Legendary pivots to protein meals
$180M/year protein poptart
This move turns Legendary from a better for you snack brand into a protein meal brand, which is a much bigger and more repeatable habit. A pastry or donut is an occasional swap for breakfast or dessert. Mac & cheese goes after lunch and dinner, where shoppers are trying to get a large share of their daily protein in one sitting, especially consumers using GLP-1 drugs and cutting calories without wanting to lose muscle.
-
Legendary built its business on indulgent snack formats with about 20g of protein per serving. Protein Mac & Cheese raises that to 47g at 290 calories, which is closer to a full meal than a treat. That shifts the brand from replacing Pop-Tarts to replacing a boxed meal or quick lunch.
-
The closest pattern is Chobani. It won by turning yogurt from a sweet snack into an everyday protein staple, then extended into adjacent eating occasions. The same logic applies here. Winning mealtime shelves creates more weekly purchase frequency than winning the snack aisle alone.
-
Meal expansion also changes the competitive set. In snacks, Legendary mainly faces Quest, David, and other protein brands.

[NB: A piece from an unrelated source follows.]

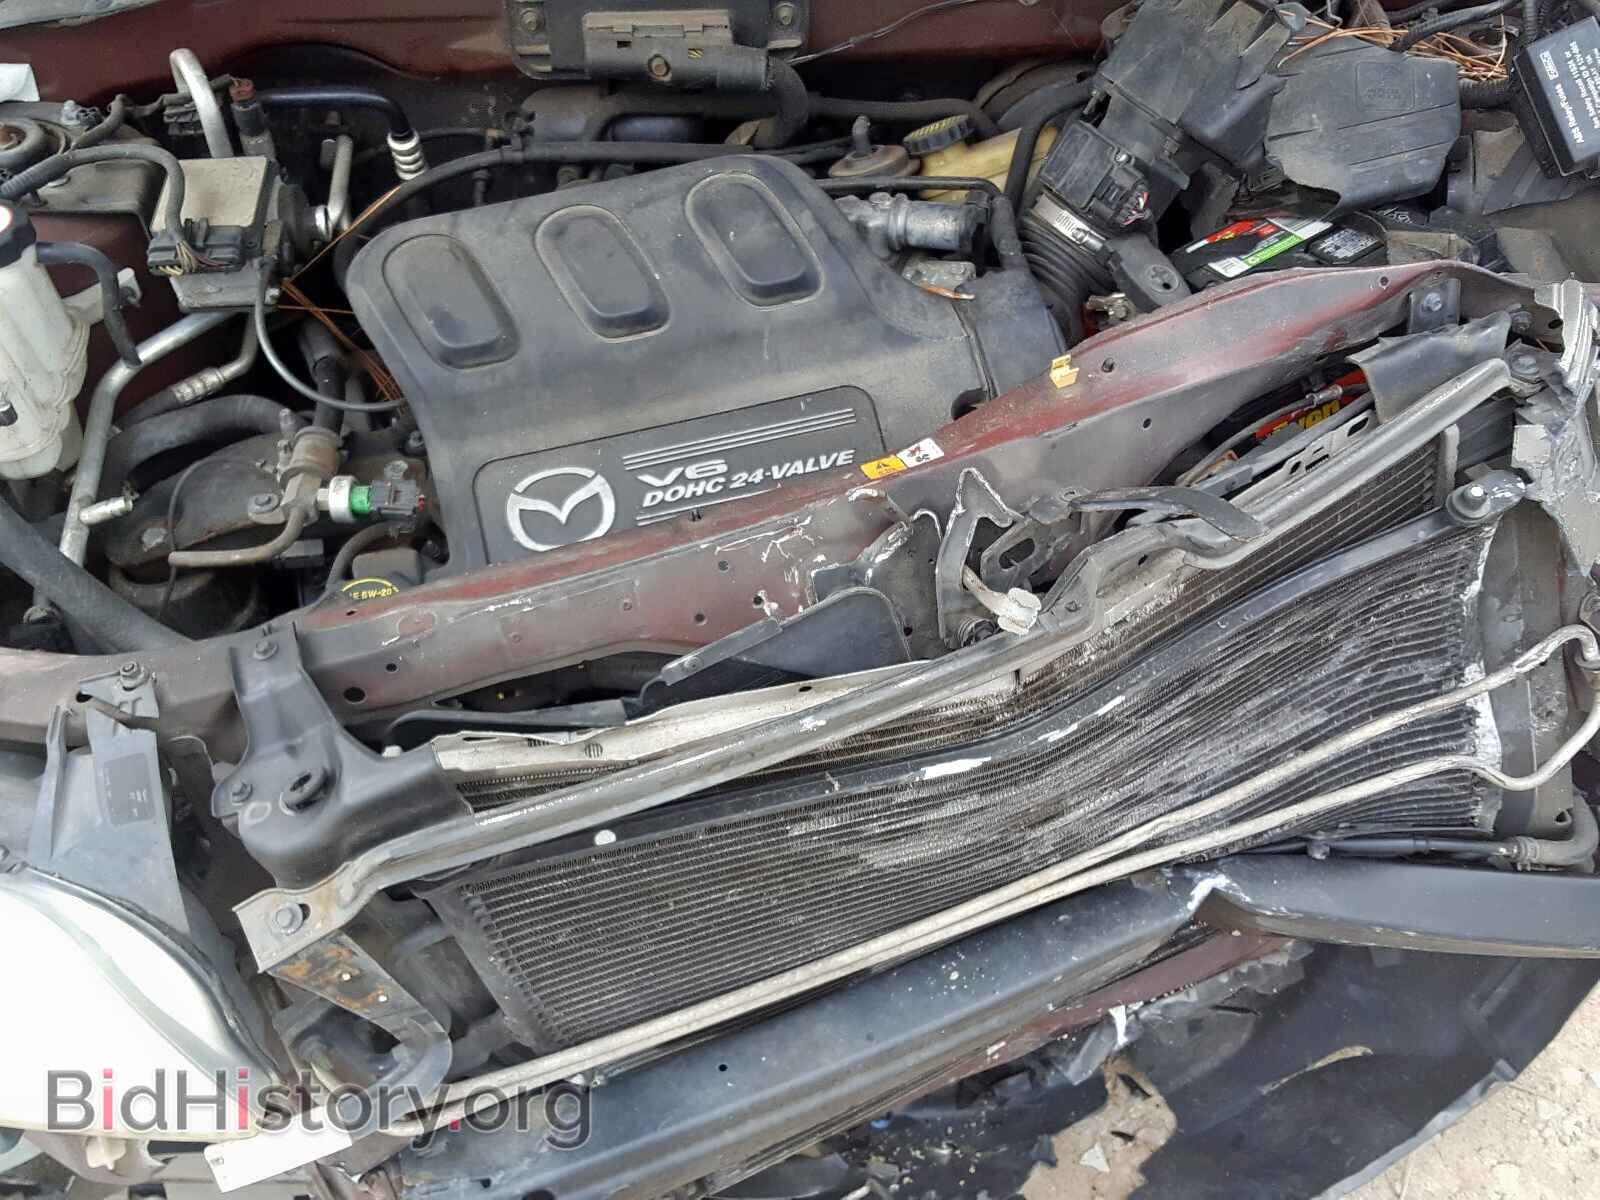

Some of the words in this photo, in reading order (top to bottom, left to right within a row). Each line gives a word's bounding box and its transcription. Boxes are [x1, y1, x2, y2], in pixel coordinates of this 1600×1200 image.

In meals, it starts competing with Huel, frozen convenience meals, and any product chosen because it delivers a lot of protein quickly with little prep.
The next step is a broader high protein convenience line built around breakfast, lunch, and dinner, not just indulgent snacks. If Legendary can keep taste and texture strong in savory foods the way it did in pastries, it can grow from a specialty protein brand into a mainstream food platform with more shelf space, more repeat purchases, and a larger share of consumer food spend.